## Records supplied:

-- Opening Marker --

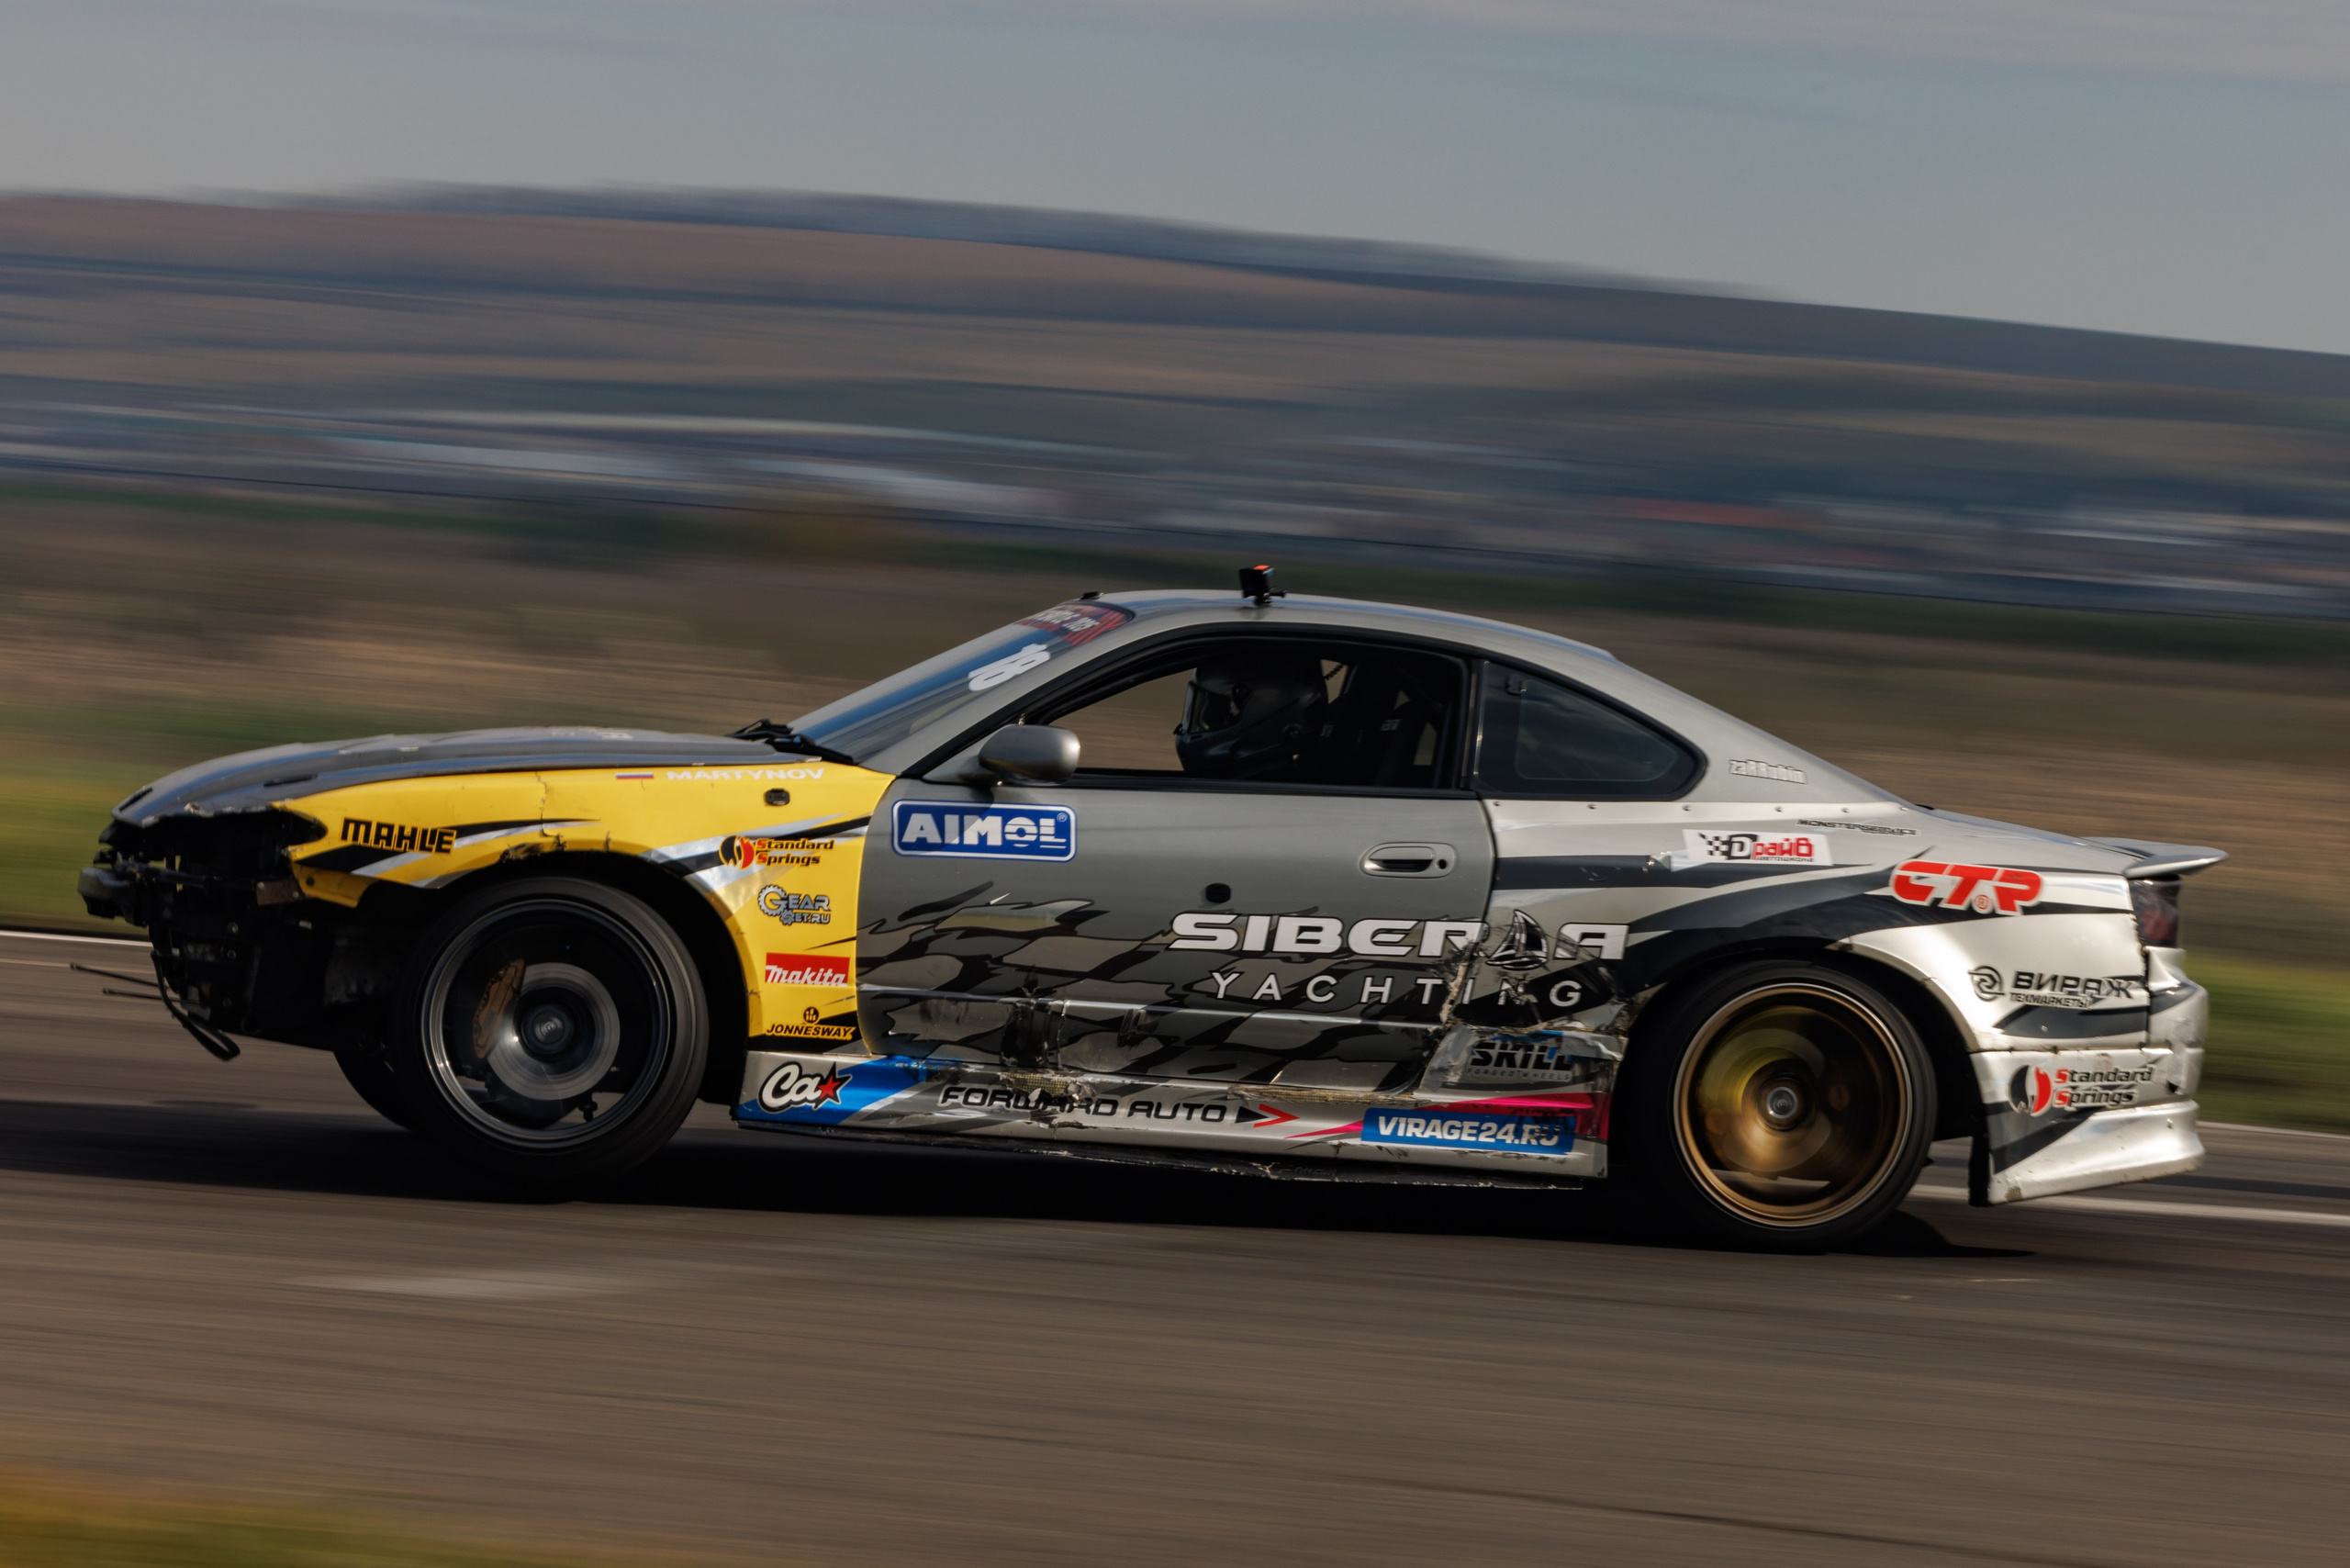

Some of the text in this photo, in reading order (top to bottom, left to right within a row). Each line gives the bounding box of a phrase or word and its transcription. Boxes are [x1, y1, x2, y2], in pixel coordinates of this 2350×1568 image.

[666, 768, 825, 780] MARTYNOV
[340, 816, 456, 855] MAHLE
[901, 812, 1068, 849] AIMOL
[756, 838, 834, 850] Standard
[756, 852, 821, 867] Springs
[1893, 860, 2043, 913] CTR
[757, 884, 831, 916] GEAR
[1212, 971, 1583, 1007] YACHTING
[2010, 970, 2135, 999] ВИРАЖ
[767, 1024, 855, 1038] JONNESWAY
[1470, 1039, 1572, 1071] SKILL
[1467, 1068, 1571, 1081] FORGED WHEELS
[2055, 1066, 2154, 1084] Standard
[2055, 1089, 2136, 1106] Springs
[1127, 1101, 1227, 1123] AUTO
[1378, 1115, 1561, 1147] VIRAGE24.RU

-- Closing Marker --

## Task to carry out:
A verbatim copy of all the records, minus the pictures, is the expected answer.

## Output below:
Some of the text in this photo, in reading order (top to bottom, left to right within a row). Each line gives the bounding box of a phrase or word and its transcription. Boxes are [x1, y1, x2, y2], in pixel coordinates of this 2350×1568 image.

[666, 768, 825, 780] MARTYNOV
[340, 816, 456, 855] MAHLE
[901, 812, 1068, 849] AIMOL
[756, 838, 834, 850] Standard
[756, 852, 821, 867] Springs
[1893, 860, 2043, 913] CTR
[757, 884, 831, 916] GEAR
[1212, 971, 1583, 1007] YACHTING
[2010, 970, 2135, 999] ВИРАЖ
[767, 1024, 855, 1038] JONNESWAY
[1470, 1039, 1572, 1071] SKILL
[1467, 1068, 1571, 1081] FORGED WHEELS
[2055, 1066, 2154, 1084] Standard
[2055, 1089, 2136, 1106] Springs
[1127, 1101, 1227, 1123] AUTO
[1378, 1115, 1561, 1147] VIRAGE24.RU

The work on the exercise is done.